References in this limited power of attorney to “my Attorney” are to the person named above and to the person substituted hereunder pursuant to the power of substitution granted herein.

 

I hereby grant to my Attorney, for me and in my name, place and stead, the power:

 

  1. To execute for and on my behalf, in my capacity set forth on my respective signature block below, with respect to the common stock, par value $0.01 per share (“Common Stock”), of Global Net Lease, Inc. (the “Issuer”), any Schedule 13D and all and any amendments thereto, in accordance with Section 13 of the Securities Exchange Act of 1934 and the rules and regulations promulgated thereunder (the “Exchange Act”);

 

  2. To do and to perform any and all acts for and on my behalf that may be necessary or desirable to complete and execute any such Schedule 13D, and to timely file such schedule, form or amendment thereto with the United States Securities and Exchange Commission (the “SEC”) and any stock exchange or similar authority; and

 

  3. To take any other action of any type whatsoever that, in the opinion of my Attorney, may be necessary or desirable in connection with the foregoing grant of authority, it being understood that the documents executed by my Attorney pursuant to this limited power of attorney shall be in such form and shall contain such terms and conditions as my Attorney may approve.

 

I hereby grant to my Attorney full power and authority to do and to perform any and every act and thing whatsoever requisite, necessary, or proper to be done in the exercise of any of the rights and powers herein granted, as fully to all intents and purposes as I might or could do if personally present, with full power of substitution or revocation, hereby ratifying and confirming all that my Attorney shall lawfully do or cause to be done by virtue of this limited power of attorney and the rights and powers herein granted.

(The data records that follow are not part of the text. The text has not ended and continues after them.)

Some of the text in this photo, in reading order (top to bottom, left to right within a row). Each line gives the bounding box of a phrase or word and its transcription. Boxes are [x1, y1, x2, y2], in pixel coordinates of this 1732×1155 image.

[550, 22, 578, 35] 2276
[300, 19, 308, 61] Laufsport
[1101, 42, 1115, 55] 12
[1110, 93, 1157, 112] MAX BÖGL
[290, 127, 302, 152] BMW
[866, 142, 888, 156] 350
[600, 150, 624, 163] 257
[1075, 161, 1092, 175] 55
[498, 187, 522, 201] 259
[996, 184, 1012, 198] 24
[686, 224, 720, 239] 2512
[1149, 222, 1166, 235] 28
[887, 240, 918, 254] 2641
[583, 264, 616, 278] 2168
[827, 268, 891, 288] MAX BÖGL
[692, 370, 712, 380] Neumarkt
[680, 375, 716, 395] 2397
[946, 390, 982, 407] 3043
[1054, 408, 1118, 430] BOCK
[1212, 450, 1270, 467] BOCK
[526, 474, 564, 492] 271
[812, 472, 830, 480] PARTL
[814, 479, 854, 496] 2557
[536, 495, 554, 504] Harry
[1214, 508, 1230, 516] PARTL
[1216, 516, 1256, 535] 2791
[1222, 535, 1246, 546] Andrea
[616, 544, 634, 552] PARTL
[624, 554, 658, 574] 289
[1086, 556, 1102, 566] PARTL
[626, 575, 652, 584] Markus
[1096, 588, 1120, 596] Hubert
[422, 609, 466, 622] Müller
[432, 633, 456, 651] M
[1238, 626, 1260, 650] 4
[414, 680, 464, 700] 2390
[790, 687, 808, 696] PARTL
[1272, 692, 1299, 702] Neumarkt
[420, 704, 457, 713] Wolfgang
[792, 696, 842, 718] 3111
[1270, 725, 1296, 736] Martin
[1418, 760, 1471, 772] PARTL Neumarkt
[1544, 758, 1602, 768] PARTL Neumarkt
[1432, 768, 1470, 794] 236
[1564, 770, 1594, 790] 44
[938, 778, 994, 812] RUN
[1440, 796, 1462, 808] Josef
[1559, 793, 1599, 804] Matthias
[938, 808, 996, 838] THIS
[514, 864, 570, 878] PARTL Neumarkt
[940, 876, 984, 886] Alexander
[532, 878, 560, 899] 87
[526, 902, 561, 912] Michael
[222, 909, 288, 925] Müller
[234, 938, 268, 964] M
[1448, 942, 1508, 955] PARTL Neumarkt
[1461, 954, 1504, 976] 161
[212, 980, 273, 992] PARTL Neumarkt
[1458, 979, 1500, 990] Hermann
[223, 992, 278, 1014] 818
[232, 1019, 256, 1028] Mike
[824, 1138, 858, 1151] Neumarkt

I acknowledge and agree that neither my Attorney nor the Issuer is assuming any of my responsibilities to comply with the Exchange Act.

 

This limited power of attorney shall remain in full force and effect until I am no longer required to file any Schedule 13D or amendments thereto concerning the Common Stock, unless earlier revoked by me in a signed writing delivered to each of my Attorney and the substitutes therefore, if any. This limited power of attorney may be filed with the SEC as a confirming statement of the authority granted herein.

 

[Signature Pages Follow]

 

 

 

IN WITNESS WHEREOF, I have hereunto set my hand to this instrument on the date first above written.

 

Date: September 22, 2023

 

  BELLEVUE CAPITAL PARTNERS, LLC  
     
  By: /s/ Michael R. Anderson  
   

Name: Michael R. Anderson

Title: General Counsel

 

 

 

  MWM PIC, LLC  
     
  By: /s/ Michael R. Anderson  
   

Name: Michael R. Anderson

Title: Authorized Signatory

 

        

 

  MWM I, LLC  
     
  By: /s/ Michael R. Anderson  
   

Name: Michael R. Anderson

Title: Authorized Signatory

 

        

 

  AR CAPITAL, LLC  
       
  By: /s/ Michael R. Anderson  
   

Name: Michael R. Anderson

Title: Authorized Signatory

 

 

 

 

AR GLOBAL INVESTMENTS, LLC

 
     
  By: /s/ Michael R. Anderson  
   

Name: Michael R. Anderson

Title: Authorized Signatory

 

        

 

  American Realty Capital Global II Special LP LLC  
     
  By: /s/ Michael R. Anderson  
   

Name: Michael R. Anderson

Title: Authorized Signatory

 

 

 

 

 

 

  NICHOLAS S. SCHORSCH  
     
  By: /s/ Nicholas S. Schorsch  
   

 

 

 

 

NICHOLAS S. SCHORSCH 2016 GRANTOR RETAINED ANNUITY TRUST

 
     
  By: /s/ Francis J. Mirabello  
   

Name: Francis J. Mirabello, Trustee

 

 

 

  EDWARD M. WEIL, JR.  
     
  By: /s/ Edward M. Weil, Jr.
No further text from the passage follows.